Your task: When you write out the listing, keep every word as it stands and drop the pictures.

Exercise input:
◆ ◆ ◆ ◆ ◆ ◆ ◆

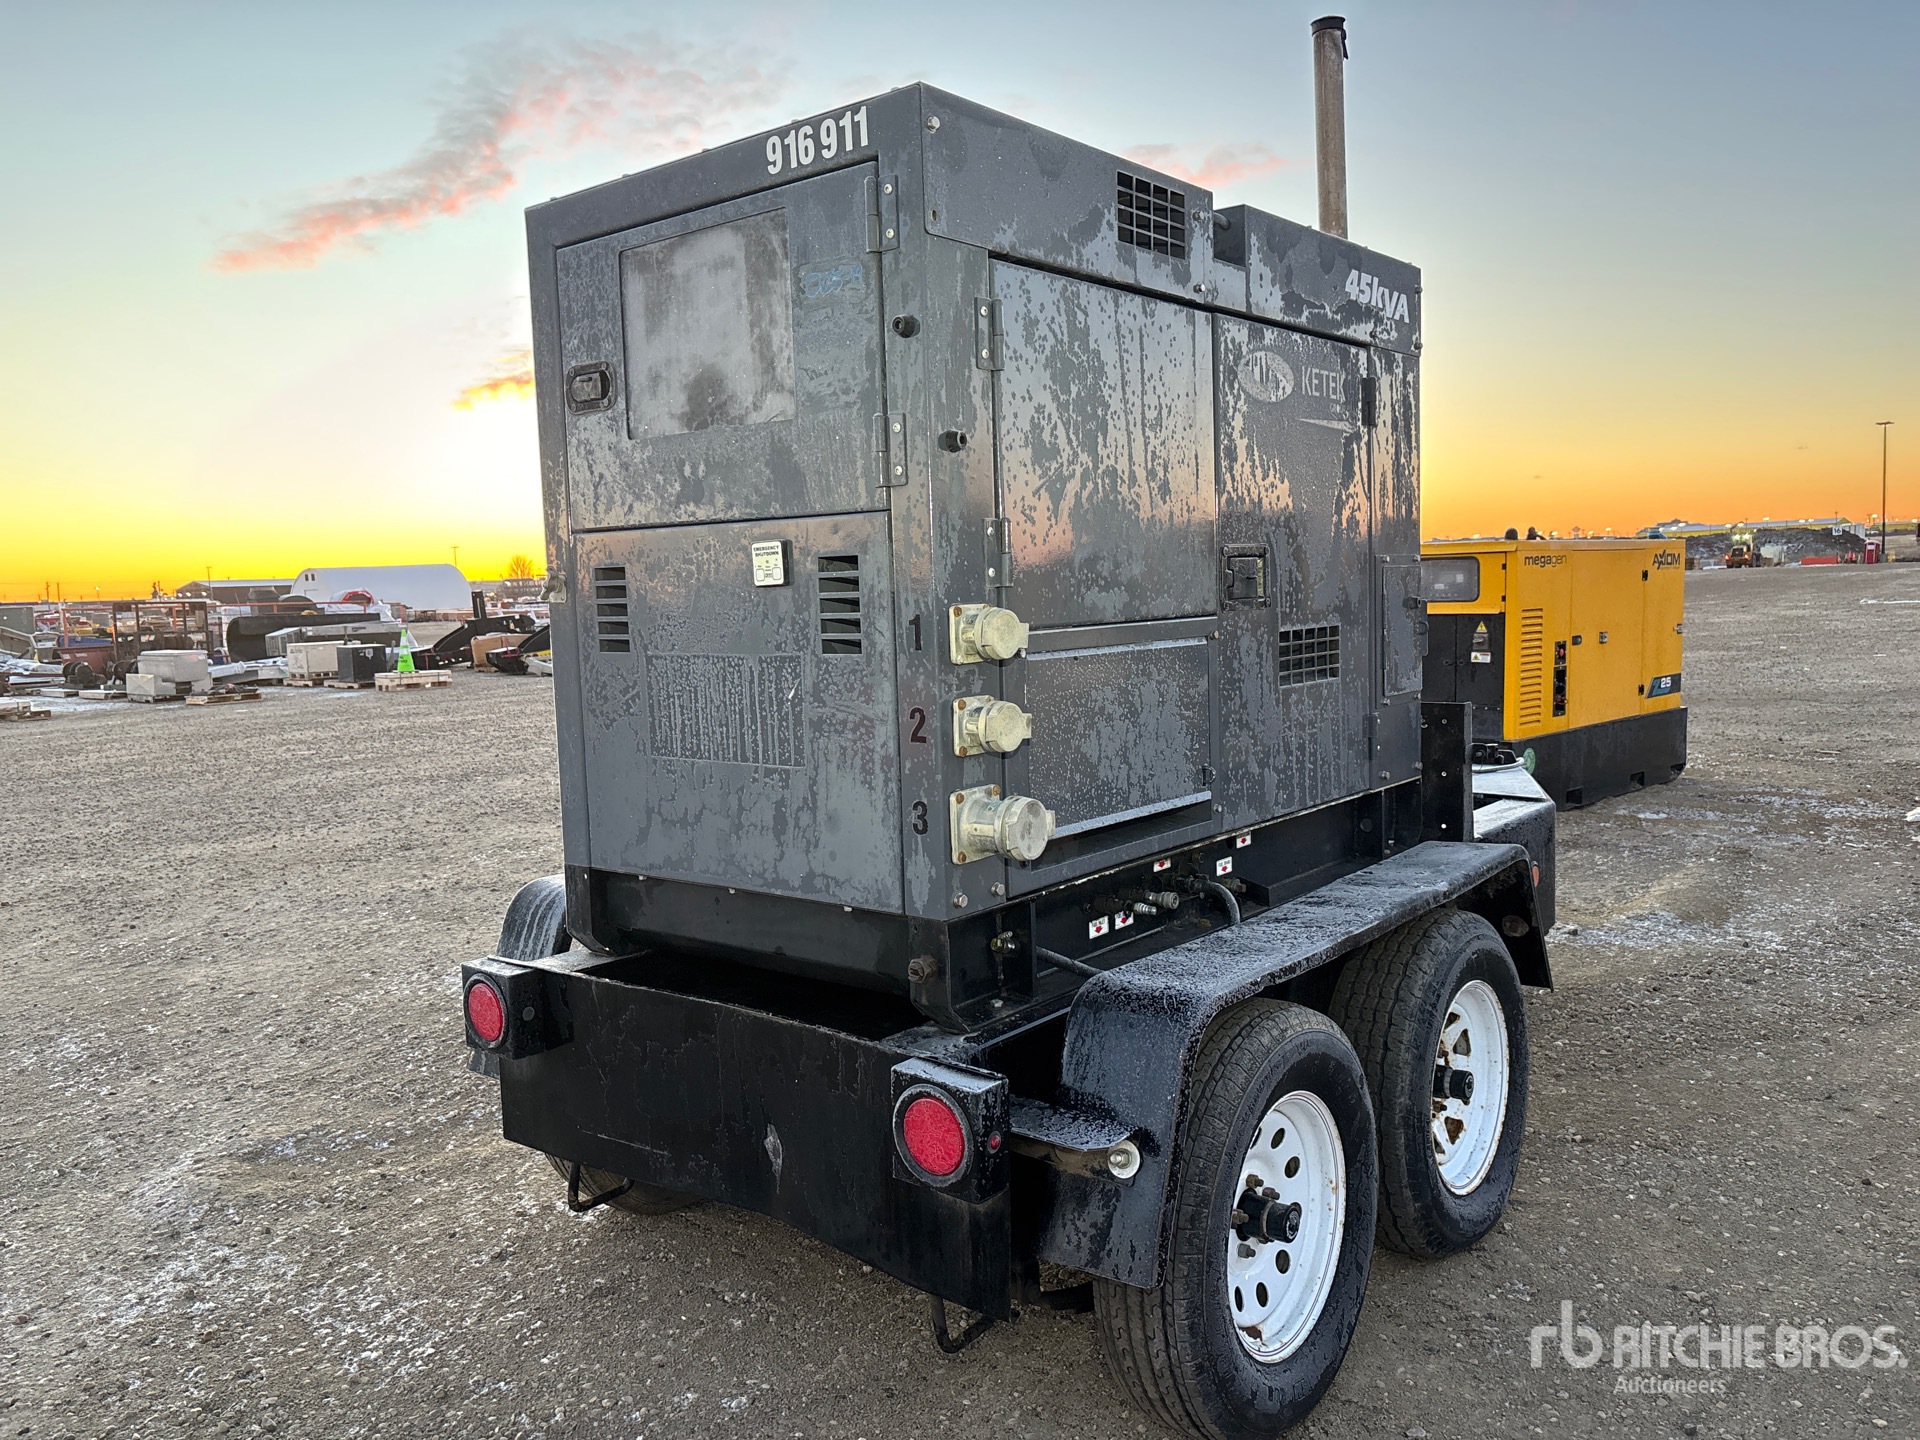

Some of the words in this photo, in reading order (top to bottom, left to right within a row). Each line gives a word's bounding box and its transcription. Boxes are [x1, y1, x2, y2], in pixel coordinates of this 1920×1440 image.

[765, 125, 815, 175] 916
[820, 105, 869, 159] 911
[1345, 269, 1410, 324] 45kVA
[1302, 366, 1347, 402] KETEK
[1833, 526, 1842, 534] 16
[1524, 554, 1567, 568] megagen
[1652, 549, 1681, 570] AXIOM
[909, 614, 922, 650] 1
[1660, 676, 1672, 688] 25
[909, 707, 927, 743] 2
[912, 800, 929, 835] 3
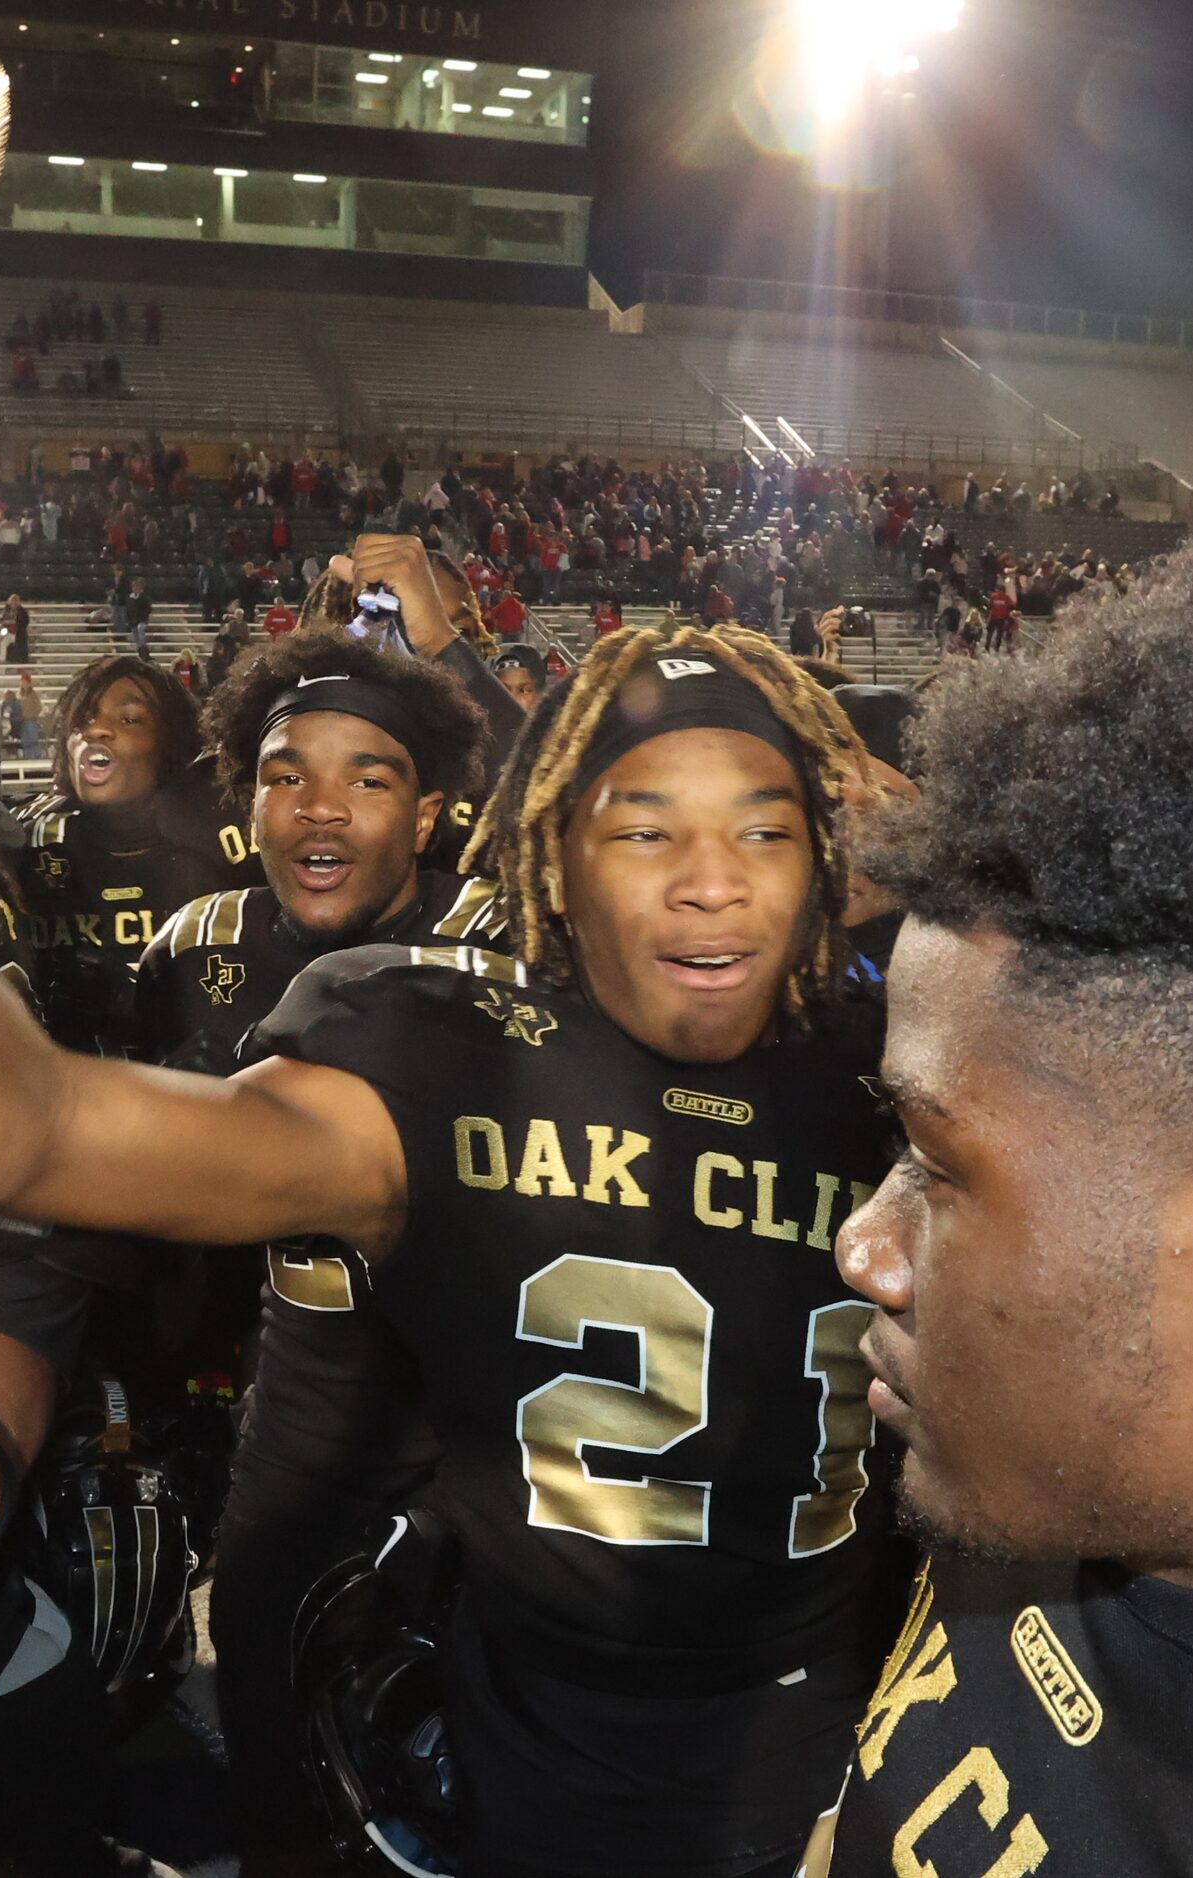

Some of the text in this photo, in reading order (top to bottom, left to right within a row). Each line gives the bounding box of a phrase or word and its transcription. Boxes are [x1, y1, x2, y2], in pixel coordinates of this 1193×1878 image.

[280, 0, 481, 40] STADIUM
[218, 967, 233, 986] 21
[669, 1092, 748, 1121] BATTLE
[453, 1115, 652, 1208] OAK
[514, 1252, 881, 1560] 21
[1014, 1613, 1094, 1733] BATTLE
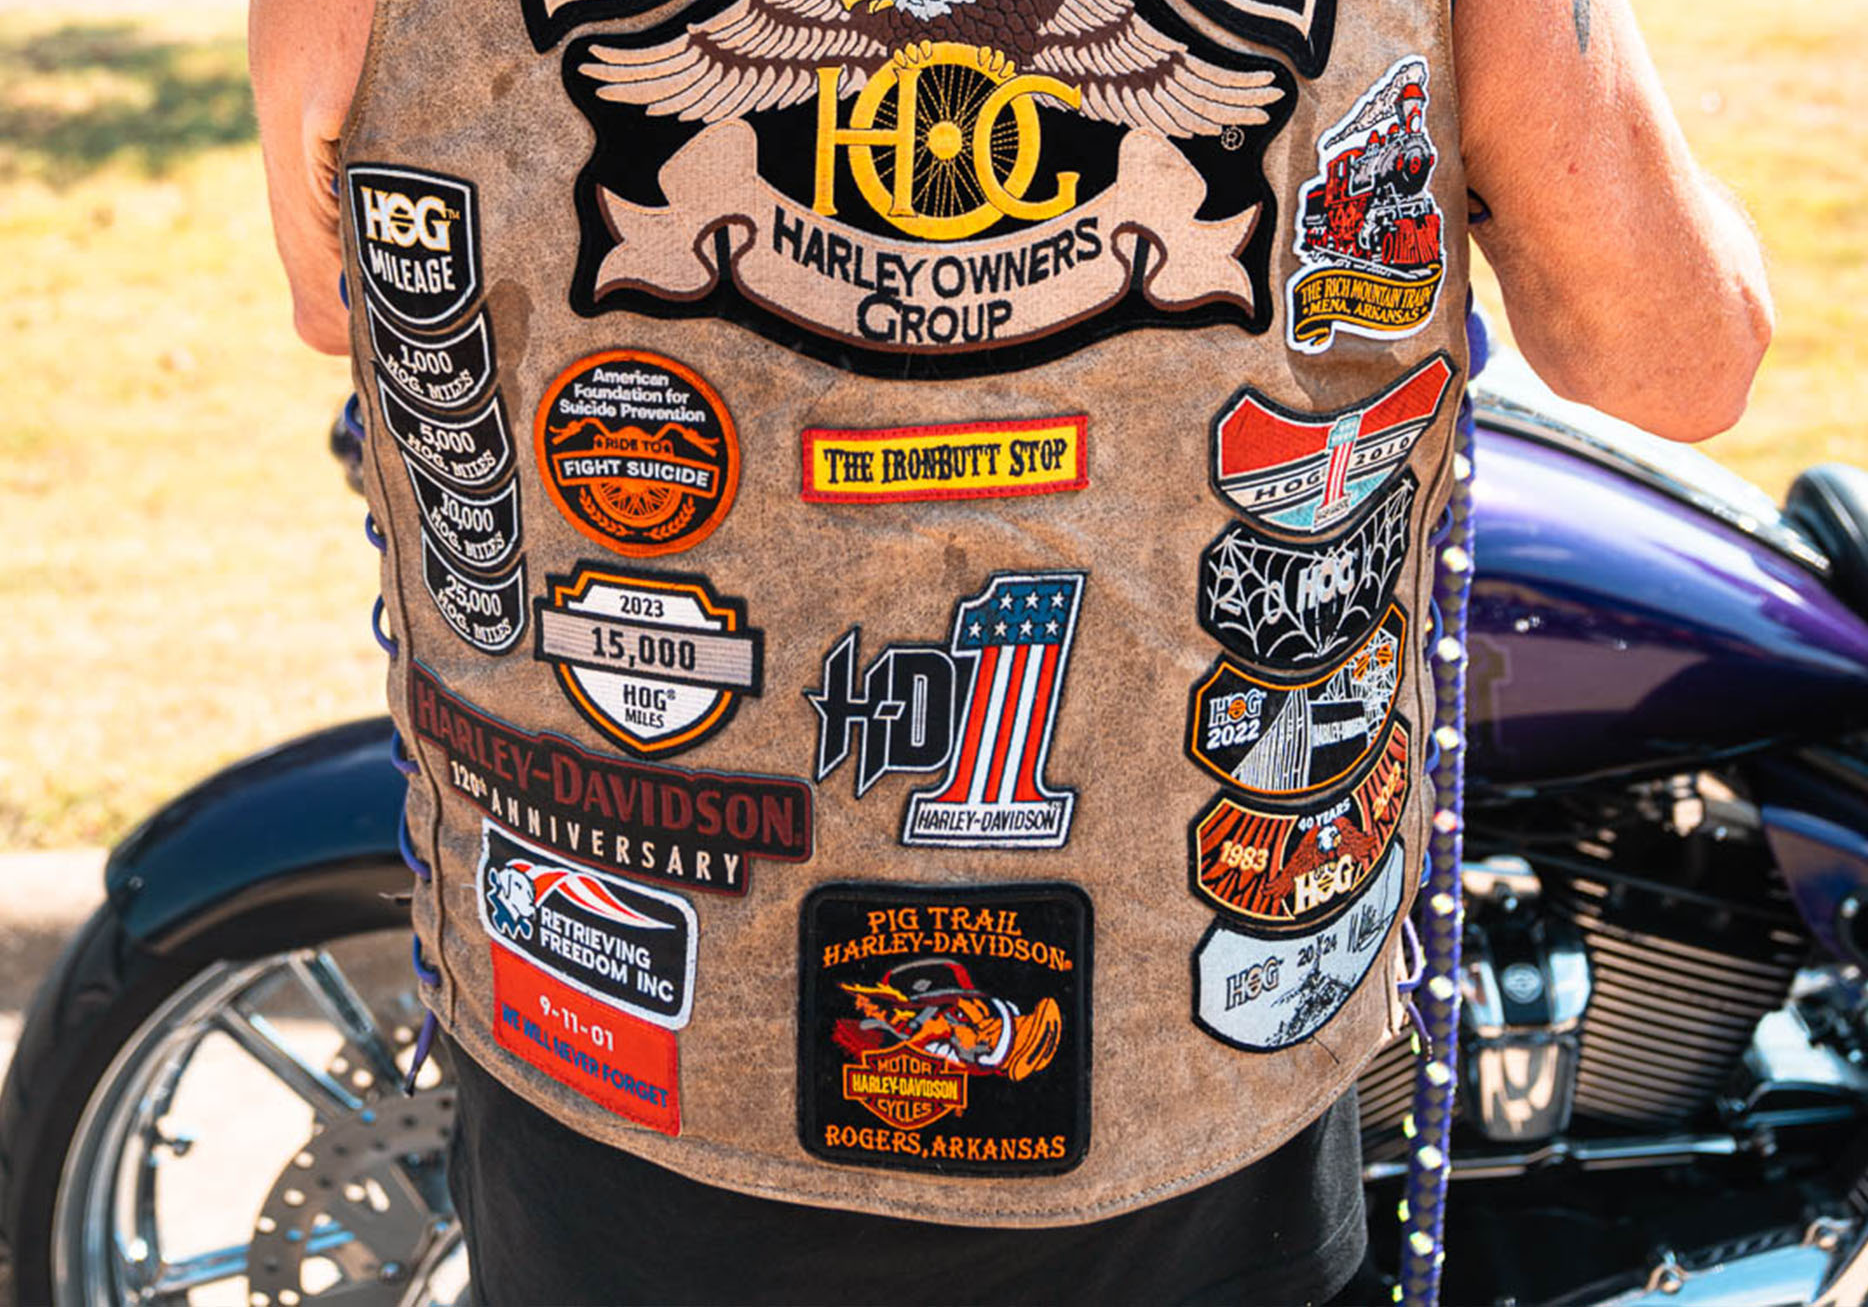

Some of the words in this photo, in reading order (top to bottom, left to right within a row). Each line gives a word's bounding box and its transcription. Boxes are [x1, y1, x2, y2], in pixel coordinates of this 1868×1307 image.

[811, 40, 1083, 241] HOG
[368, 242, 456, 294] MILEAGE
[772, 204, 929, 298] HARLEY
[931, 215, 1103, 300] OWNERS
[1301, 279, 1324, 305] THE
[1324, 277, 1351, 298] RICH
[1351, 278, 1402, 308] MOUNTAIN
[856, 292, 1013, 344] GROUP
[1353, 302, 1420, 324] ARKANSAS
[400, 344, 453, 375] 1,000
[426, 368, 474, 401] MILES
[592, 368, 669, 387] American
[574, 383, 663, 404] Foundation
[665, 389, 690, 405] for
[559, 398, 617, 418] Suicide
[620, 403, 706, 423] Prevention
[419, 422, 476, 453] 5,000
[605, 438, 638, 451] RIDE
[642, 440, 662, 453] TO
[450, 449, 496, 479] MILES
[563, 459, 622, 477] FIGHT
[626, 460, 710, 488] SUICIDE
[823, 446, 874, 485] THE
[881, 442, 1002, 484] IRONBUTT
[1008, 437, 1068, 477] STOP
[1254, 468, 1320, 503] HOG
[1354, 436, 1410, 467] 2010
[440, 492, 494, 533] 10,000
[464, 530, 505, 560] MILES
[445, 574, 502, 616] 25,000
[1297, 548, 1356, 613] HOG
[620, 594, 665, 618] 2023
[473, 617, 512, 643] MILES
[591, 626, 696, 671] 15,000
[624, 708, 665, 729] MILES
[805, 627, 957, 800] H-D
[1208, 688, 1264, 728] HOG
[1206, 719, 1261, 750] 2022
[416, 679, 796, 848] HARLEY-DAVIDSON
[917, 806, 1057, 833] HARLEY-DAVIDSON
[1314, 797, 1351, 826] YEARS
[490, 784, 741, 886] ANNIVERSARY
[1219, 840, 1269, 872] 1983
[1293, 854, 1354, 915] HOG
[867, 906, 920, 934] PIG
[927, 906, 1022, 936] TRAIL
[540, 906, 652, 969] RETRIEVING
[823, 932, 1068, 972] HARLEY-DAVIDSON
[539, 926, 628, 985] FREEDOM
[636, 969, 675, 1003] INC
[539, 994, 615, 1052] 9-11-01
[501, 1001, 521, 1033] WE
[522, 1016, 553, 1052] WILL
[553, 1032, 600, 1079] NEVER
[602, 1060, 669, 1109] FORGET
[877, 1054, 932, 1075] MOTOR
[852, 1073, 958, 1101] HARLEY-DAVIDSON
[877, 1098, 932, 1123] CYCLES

◆ ◆ ◆ ◆ ◆ ◆ ◆

Task solution:
Some of the words in this photo, in reading order (top to bottom, left to right within a row). Each line gives a word's bounding box and its transcription. Boxes are [x1, y1, x2, y2], in pixel coordinates of this 1920×1440 image.

[765, 125, 815, 175] 916
[820, 105, 869, 159] 911
[1345, 269, 1410, 324] 45kVA
[1302, 366, 1347, 402] KETEK
[1833, 526, 1842, 534] 16
[1524, 554, 1567, 568] megagen
[1652, 549, 1681, 570] AXIOM
[909, 614, 922, 650] 1
[1660, 676, 1672, 688] 25
[909, 707, 927, 743] 2
[912, 800, 929, 835] 3

Some of the text in this photo, in reading order (top to bottom, left to right within a row). Each line gives the bounding box of a phrase or word and its transcription. Boxes are [x1, y1, x2, y2], in pixel coordinates of this 1193×1878 image.

[280, 0, 481, 40] STADIUM
[218, 967, 233, 986] 21
[669, 1092, 748, 1121] BATTLE
[453, 1115, 652, 1208] OAK
[514, 1252, 881, 1560] 21
[1014, 1613, 1094, 1733] BATTLE

Some of the words in this photo, in reading order (top to bottom, left to right within a row). Each line gives a word's bounding box and its transcription. Boxes are [x1, y1, x2, y2], in pixel coordinates of this 1868×1307 image.

[811, 40, 1083, 241] HOG
[368, 242, 456, 294] MILEAGE
[772, 204, 929, 298] HARLEY
[931, 215, 1103, 300] OWNERS
[1301, 279, 1324, 305] THE
[1324, 277, 1351, 298] RICH
[1351, 278, 1402, 308] MOUNTAIN
[856, 292, 1013, 344] GROUP
[1353, 302, 1420, 324] ARKANSAS
[400, 344, 453, 375] 1,000
[426, 368, 474, 401] MILES
[592, 368, 669, 387] American
[574, 383, 663, 404] Foundation
[665, 389, 690, 405] for
[559, 398, 617, 418] Suicide
[620, 403, 706, 423] Prevention
[419, 422, 476, 453] 5,000
[605, 438, 638, 451] RIDE
[642, 440, 662, 453] TO
[450, 449, 496, 479] MILES
[563, 459, 622, 477] FIGHT
[626, 460, 710, 488] SUICIDE
[823, 446, 874, 485] THE
[881, 442, 1002, 484] IRONBUTT
[1008, 437, 1068, 477] STOP
[1254, 468, 1320, 503] HOG
[1354, 436, 1410, 467] 2010
[440, 492, 494, 533] 10,000
[464, 530, 505, 560] MILES
[445, 574, 502, 616] 25,000
[1297, 548, 1356, 613] HOG
[620, 594, 665, 618] 2023
[473, 617, 512, 643] MILES
[591, 626, 696, 671] 15,000
[624, 708, 665, 729] MILES
[805, 627, 957, 800] H-D
[1208, 688, 1264, 728] HOG
[1206, 719, 1261, 750] 2022
[416, 679, 796, 848] HARLEY-DAVIDSON
[917, 806, 1057, 833] HARLEY-DAVIDSON
[1314, 797, 1351, 826] YEARS
[490, 784, 741, 886] ANNIVERSARY
[1219, 840, 1269, 872] 1983
[1293, 854, 1354, 915] HOG
[867, 906, 920, 934] PIG
[927, 906, 1022, 936] TRAIL
[540, 906, 652, 969] RETRIEVING
[823, 932, 1068, 972] HARLEY-DAVIDSON
[539, 926, 628, 985] FREEDOM
[636, 969, 675, 1003] INC
[539, 994, 615, 1052] 9-11-01
[501, 1001, 521, 1033] WE
[522, 1016, 553, 1052] WILL
[553, 1032, 600, 1079] NEVER
[602, 1060, 669, 1109] FORGET
[877, 1054, 932, 1075] MOTOR
[852, 1073, 958, 1101] HARLEY-DAVIDSON
[877, 1098, 932, 1123] CYCLES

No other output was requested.